---------- Source data
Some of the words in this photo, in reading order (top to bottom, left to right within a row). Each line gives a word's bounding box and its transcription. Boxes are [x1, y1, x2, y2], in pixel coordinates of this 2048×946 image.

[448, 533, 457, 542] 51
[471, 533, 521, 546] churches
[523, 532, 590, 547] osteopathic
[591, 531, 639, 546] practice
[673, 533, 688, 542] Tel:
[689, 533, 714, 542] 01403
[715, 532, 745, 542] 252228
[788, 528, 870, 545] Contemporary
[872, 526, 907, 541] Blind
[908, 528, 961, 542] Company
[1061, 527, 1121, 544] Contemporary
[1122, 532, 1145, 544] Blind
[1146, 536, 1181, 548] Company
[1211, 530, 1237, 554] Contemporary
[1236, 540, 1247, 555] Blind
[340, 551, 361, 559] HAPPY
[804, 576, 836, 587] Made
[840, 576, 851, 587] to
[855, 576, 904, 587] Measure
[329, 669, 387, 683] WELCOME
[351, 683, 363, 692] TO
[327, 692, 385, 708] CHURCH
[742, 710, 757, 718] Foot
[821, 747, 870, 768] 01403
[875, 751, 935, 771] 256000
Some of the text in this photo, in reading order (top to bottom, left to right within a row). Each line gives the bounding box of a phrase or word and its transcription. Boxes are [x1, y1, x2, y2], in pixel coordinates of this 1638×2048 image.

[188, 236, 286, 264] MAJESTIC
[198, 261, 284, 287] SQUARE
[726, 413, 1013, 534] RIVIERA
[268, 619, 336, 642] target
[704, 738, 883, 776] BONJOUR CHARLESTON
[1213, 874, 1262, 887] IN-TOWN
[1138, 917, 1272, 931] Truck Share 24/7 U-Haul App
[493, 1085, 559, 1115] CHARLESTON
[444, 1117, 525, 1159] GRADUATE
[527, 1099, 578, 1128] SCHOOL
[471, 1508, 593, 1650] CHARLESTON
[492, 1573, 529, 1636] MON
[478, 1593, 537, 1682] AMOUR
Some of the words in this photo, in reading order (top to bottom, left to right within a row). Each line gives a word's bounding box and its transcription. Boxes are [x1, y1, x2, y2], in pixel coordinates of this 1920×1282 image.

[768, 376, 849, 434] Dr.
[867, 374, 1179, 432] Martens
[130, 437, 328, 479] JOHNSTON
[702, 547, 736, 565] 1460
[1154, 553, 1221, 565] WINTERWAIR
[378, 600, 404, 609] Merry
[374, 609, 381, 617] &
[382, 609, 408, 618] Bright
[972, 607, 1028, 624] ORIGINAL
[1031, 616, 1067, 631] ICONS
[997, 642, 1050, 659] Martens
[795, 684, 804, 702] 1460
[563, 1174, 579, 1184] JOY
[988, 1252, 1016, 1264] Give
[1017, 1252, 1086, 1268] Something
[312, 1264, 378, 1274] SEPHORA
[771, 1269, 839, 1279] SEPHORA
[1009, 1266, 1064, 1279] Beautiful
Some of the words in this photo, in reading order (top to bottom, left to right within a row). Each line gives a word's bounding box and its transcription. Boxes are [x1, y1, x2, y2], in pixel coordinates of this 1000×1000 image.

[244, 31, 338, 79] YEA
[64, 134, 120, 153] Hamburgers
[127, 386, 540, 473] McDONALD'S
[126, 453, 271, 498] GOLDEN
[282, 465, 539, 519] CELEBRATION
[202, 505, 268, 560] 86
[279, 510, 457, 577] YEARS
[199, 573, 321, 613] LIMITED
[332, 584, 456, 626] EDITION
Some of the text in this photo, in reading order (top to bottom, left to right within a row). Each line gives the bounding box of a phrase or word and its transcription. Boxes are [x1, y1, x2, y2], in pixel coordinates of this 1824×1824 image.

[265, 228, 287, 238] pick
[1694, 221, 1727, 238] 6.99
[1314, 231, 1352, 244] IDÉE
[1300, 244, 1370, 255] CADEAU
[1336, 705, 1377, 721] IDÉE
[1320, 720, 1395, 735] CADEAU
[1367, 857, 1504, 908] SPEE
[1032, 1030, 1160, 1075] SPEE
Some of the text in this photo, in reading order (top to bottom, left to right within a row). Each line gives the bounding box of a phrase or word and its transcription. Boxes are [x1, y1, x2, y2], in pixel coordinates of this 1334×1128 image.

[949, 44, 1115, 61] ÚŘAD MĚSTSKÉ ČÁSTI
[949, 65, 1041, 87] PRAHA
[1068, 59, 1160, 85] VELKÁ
--------------------
Your objective
Return the entries above exactly as they appear.

Output for this exercise
Some of the words in this photo, in reading order (top to bottom, left to right within a row). Each line gives a word's bounding box and its transcription. Boxes are [x1, y1, x2, y2], in pixel coordinates of this 2048×946 image.

[448, 533, 457, 542] 51
[471, 533, 521, 546] churches
[523, 532, 590, 547] osteopathic
[591, 531, 639, 546] practice
[673, 533, 688, 542] Tel:
[689, 533, 714, 542] 01403
[715, 532, 745, 542] 252228
[788, 528, 870, 545] Contemporary
[872, 526, 907, 541] Blind
[908, 528, 961, 542] Company
[1061, 527, 1121, 544] Contemporary
[1122, 532, 1145, 544] Blind
[1146, 536, 1181, 548] Company
[1211, 530, 1237, 554] Contemporary
[1236, 540, 1247, 555] Blind
[340, 551, 361, 559] HAPPY
[804, 576, 836, 587] Made
[840, 576, 851, 587] to
[855, 576, 904, 587] Measure
[329, 669, 387, 683] WELCOME
[351, 683, 363, 692] TO
[327, 692, 385, 708] CHURCH
[742, 710, 757, 718] Foot
[821, 747, 870, 768] 01403
[875, 751, 935, 771] 256000
Some of the text in this photo, in reading order (top to bottom, left to right within a row). Each line gives the bounding box of a phrase or word and its transcription. Boxes are [x1, y1, x2, y2], in pixel coordinates of this 1638×2048 image.

[188, 236, 286, 264] MAJESTIC
[198, 261, 284, 287] SQUARE
[726, 413, 1013, 534] RIVIERA
[268, 619, 336, 642] target
[704, 738, 883, 776] BONJOUR CHARLESTON
[1213, 874, 1262, 887] IN-TOWN
[1138, 917, 1272, 931] Truck Share 24/7 U-Haul App
[493, 1085, 559, 1115] CHARLESTON
[444, 1117, 525, 1159] GRADUATE
[527, 1099, 578, 1128] SCHOOL
[471, 1508, 593, 1650] CHARLESTON
[492, 1573, 529, 1636] MON
[478, 1593, 537, 1682] AMOUR
Some of the words in this photo, in reading order (top to bottom, left to right within a row). Each line gives a word's bounding box and its transcription. Boxes are [x1, y1, x2, y2], in pixel coordinates of this 1920×1282 image.

[768, 376, 849, 434] Dr.
[867, 374, 1179, 432] Martens
[130, 437, 328, 479] JOHNSTON
[702, 547, 736, 565] 1460
[1154, 553, 1221, 565] WINTERWAIR
[378, 600, 404, 609] Merry
[374, 609, 381, 617] &
[382, 609, 408, 618] Bright
[972, 607, 1028, 624] ORIGINAL
[1031, 616, 1067, 631] ICONS
[997, 642, 1050, 659] Martens
[795, 684, 804, 702] 1460
[563, 1174, 579, 1184] JOY
[988, 1252, 1016, 1264] Give
[1017, 1252, 1086, 1268] Something
[312, 1264, 378, 1274] SEPHORA
[771, 1269, 839, 1279] SEPHORA
[1009, 1266, 1064, 1279] Beautiful
Some of the words in this photo, in reading order (top to bottom, left to right within a row). Each line gives a word's bounding box and its transcription. Boxes are [x1, y1, x2, y2], in pixel coordinates of this 1000×1000 image.

[244, 31, 338, 79] YEA
[64, 134, 120, 153] Hamburgers
[127, 386, 540, 473] McDONALD'S
[126, 453, 271, 498] GOLDEN
[282, 465, 539, 519] CELEBRATION
[202, 505, 268, 560] 86
[279, 510, 457, 577] YEARS
[199, 573, 321, 613] LIMITED
[332, 584, 456, 626] EDITION
Some of the text in this photo, in reading order (top to bottom, left to right within a row). Each line gives the bounding box of a phrase or word and its transcription. Boxes are [x1, y1, x2, y2], in pixel coordinates of this 1824×1824 image.

[265, 228, 287, 238] pick
[1694, 221, 1727, 238] 6.99
[1314, 231, 1352, 244] IDÉE
[1300, 244, 1370, 255] CADEAU
[1336, 705, 1377, 721] IDÉE
[1320, 720, 1395, 735] CADEAU
[1367, 857, 1504, 908] SPEE
[1032, 1030, 1160, 1075] SPEE
Some of the text in this photo, in reading order (top to bottom, left to right within a row). Each line gives the bounding box of a phrase or word and its transcription. Boxes are [x1, y1, x2, y2], in pixel coordinates of this 1334×1128 image.

[949, 44, 1115, 61] ÚŘAD MĚSTSKÉ ČÁSTI
[949, 65, 1041, 87] PRAHA
[1068, 59, 1160, 85] VELKÁ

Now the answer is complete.